When menu management was proposed to be merged into WordPress 4.3, a common complaint expressed by readers was that clicking the Widgets menu item in the admin bar loads the customizer instead of the Widgets admin screen. WordPress 4.3 separates the management interfaces by moving the Customize link to the top-level menu of the admin bar. This link opens the customizer, allowing you to manage menus, appearance, and widgets through the customizer interface.
The Dashboard, Themes, Widgets, and Menus links take users to their corresponding admin pages in the backend of WordPress. This makes it clear which interface users are about to enter. The enhancement is a result of ticket #32678 where Helen Hou-Sandí and other WordPress core contributors discussed ways to improve the context of each link over the course of five weeks.
Within the ticket, Nick Halsey, who has spent a lot of time on the customizer, explains that the approach taken in the ticket addresses short-term problems while setting the stage for future improvements.
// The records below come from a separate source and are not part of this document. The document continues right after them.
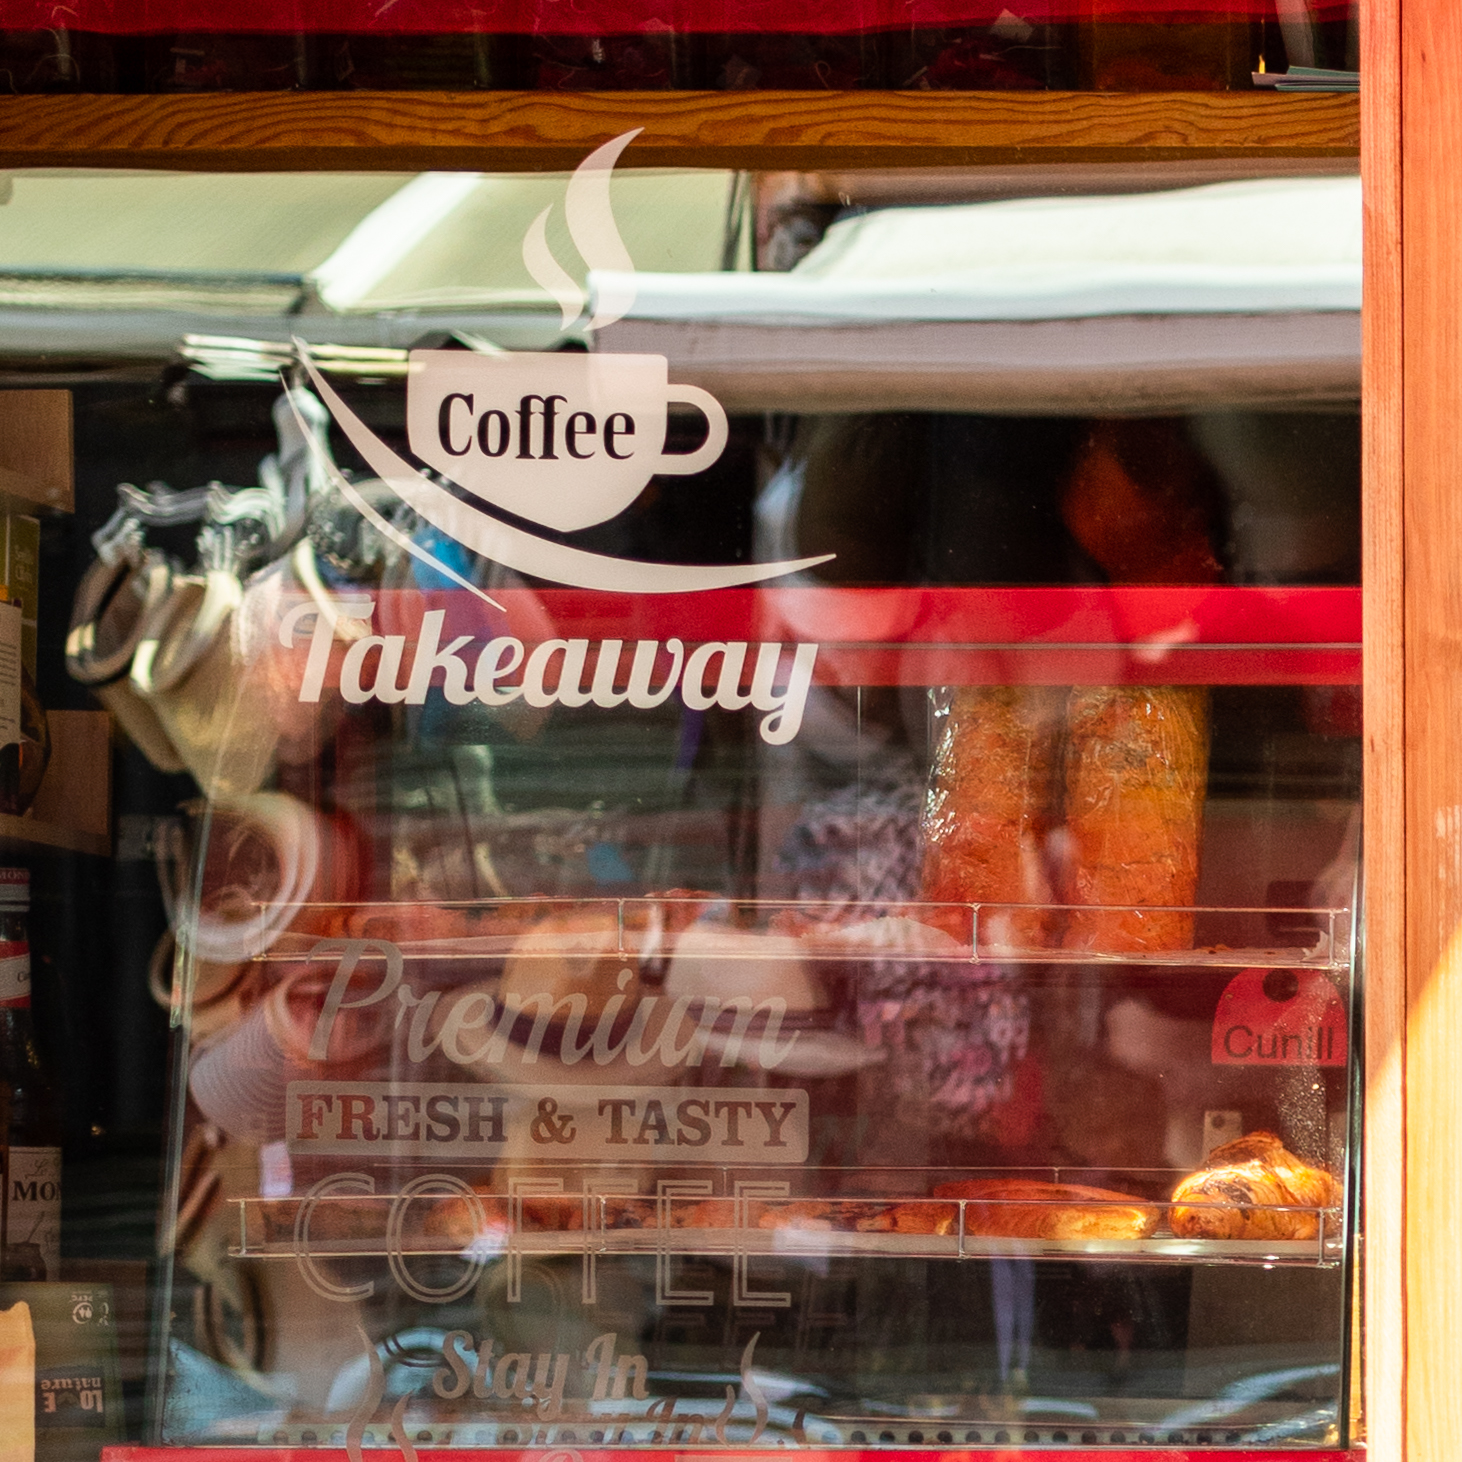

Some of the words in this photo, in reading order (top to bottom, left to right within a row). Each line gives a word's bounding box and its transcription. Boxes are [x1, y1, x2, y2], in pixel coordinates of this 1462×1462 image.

[437, 392, 637, 462] Coffee
[278, 594, 819, 748] Takeaway
[302, 939, 800, 1071] Premium
[1223, 1024, 1334, 1060] Cunill
[299, 1094, 509, 1143] FRESH
[528, 1096, 577, 1146] &
[598, 1098, 798, 1147] TASTY
[294, 1172, 793, 1307] COFFEE
[430, 1329, 572, 1423] Stay
[584, 1332, 651, 1401] In
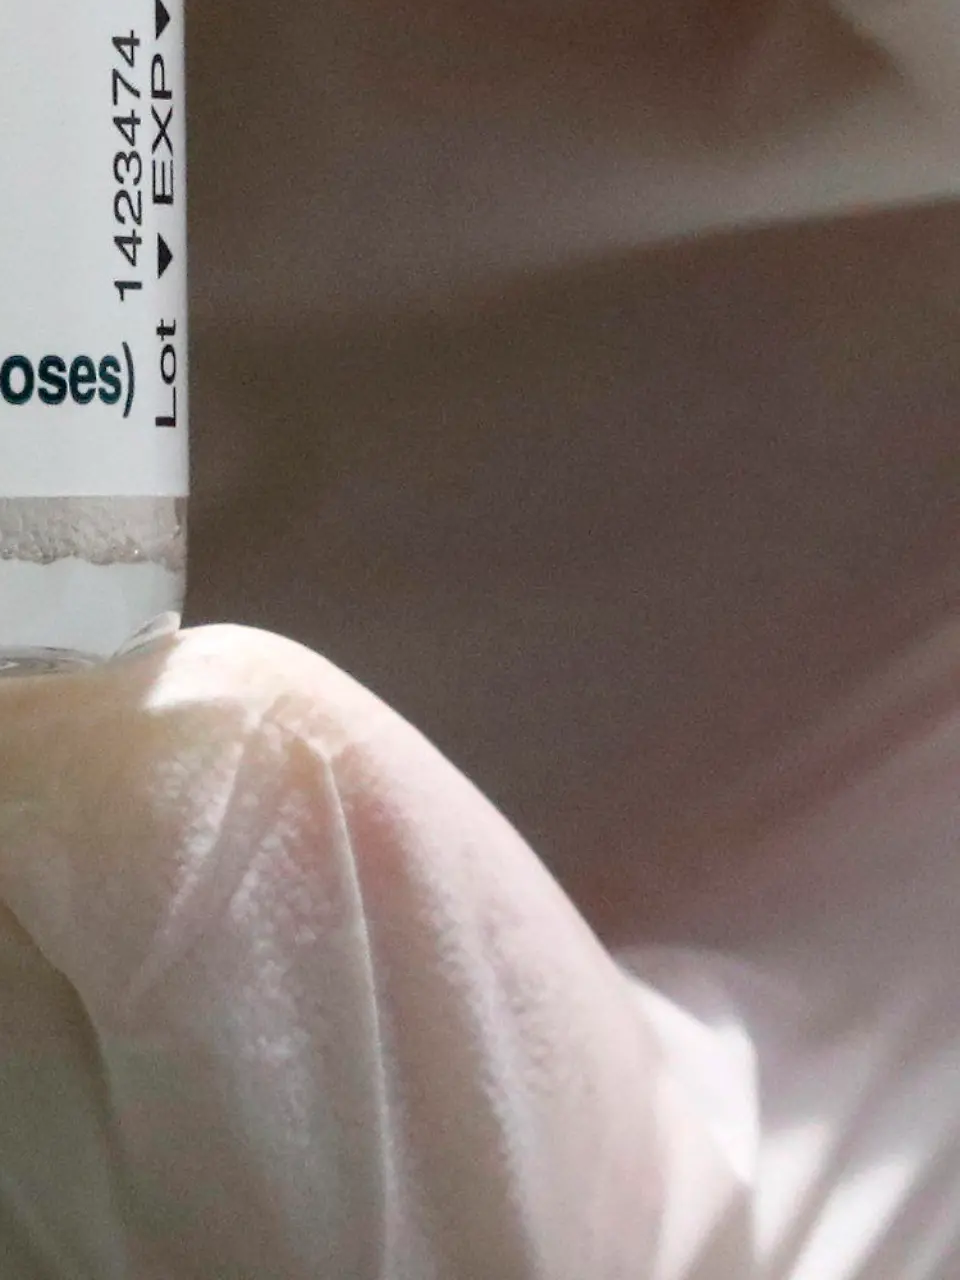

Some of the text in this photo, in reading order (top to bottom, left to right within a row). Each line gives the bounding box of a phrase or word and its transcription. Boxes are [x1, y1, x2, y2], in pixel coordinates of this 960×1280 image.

[111, 29, 143, 303] 1423474
[150, 52, 175, 206] EXP
[154, 317, 178, 429] Lot
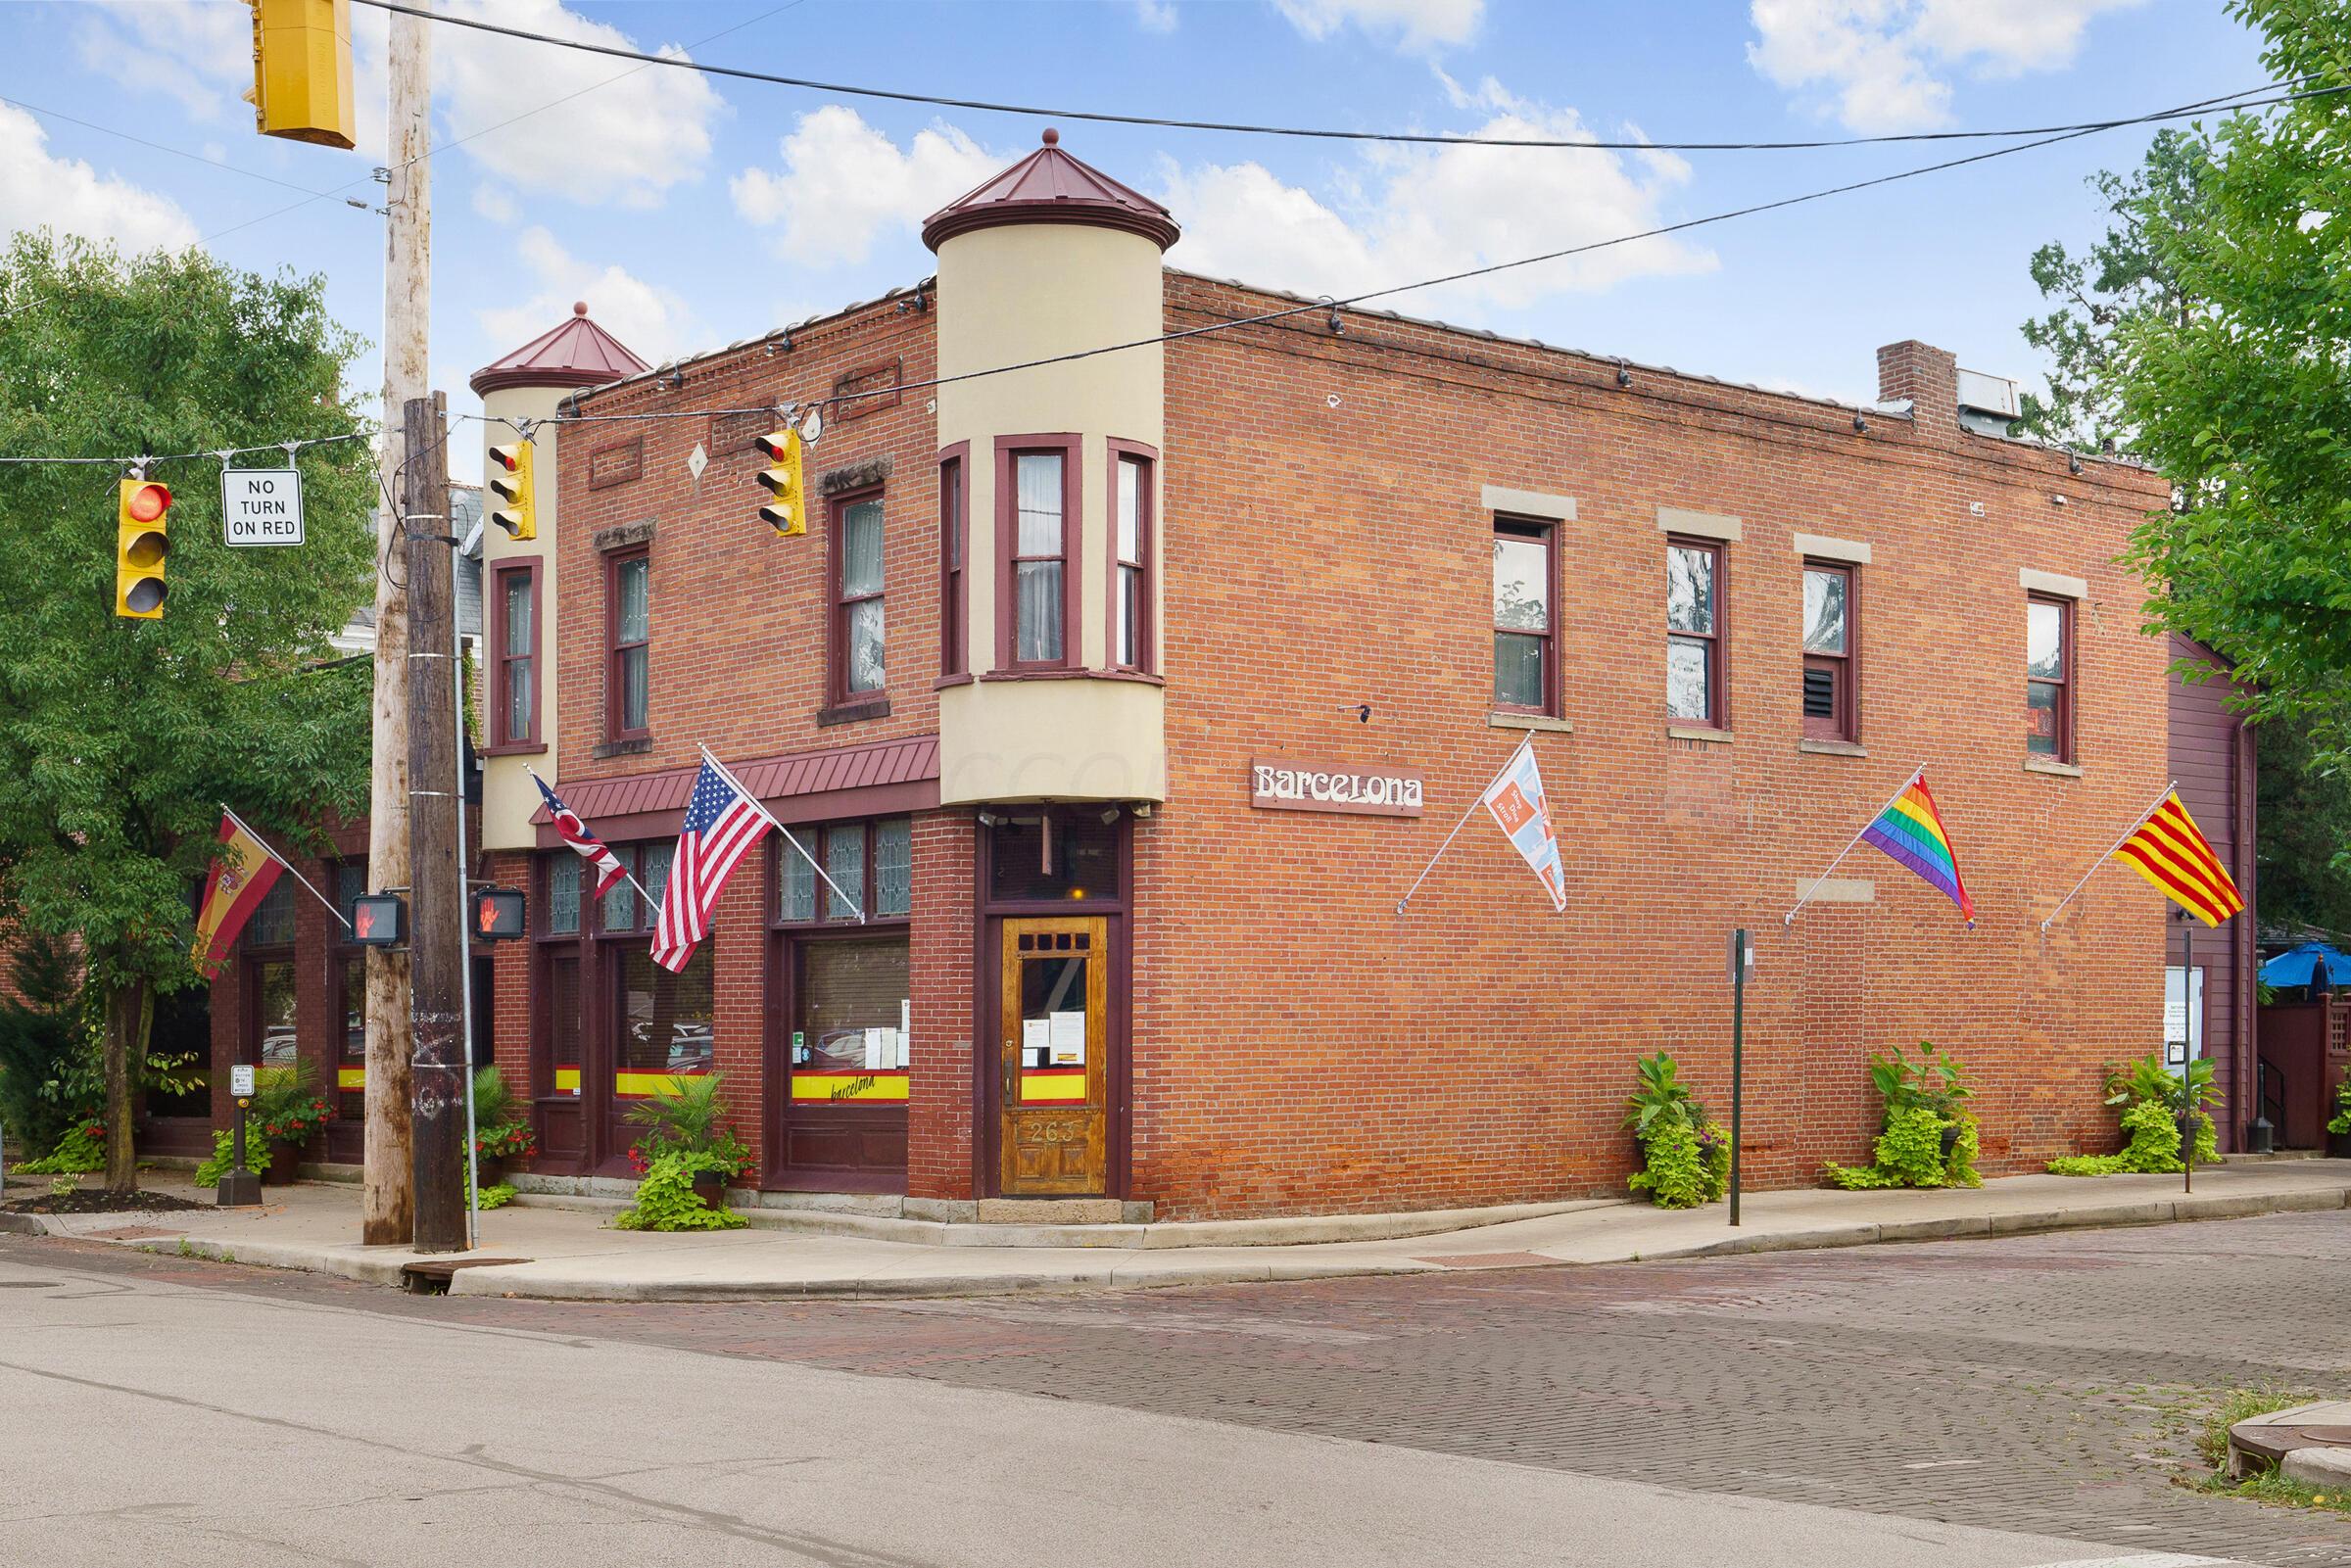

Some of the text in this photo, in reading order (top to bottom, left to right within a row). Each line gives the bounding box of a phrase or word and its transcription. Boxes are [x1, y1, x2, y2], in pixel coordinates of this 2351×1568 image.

The Customizer gets the visibility it deserves and becomes more conceptually separated from ‘Appearance’, the admin becomes significantly more accessible from the front-end, the often-unhelpful dashboard is de-emphasized, etc. We also have the ability to easily upgrade the Customize link to do a much faster/shinier loading of the Customizer in the future without moving it.
Notably, the add-content and edit-content links remain separated from the admin menu (and we skip submenus there for simplicity), setting us up to be able to point them to a front-end-contextual content-creating/editing experience if we build that in the future, without moving links around. This minor rearrangement should be able to last several years without things moving around much if at all, even as further adjustments are made to the features they point to.
On the surface, it appears to be a simple change but a lot of time and effort went into it. It required several core contributors to discuss a variety of mockups, ideas, and flows before the team figured out a solution.
Separating how users enter each interface will be a welcome enhancement to anyone who prefers one over the other to manage themes, widgets, and menus.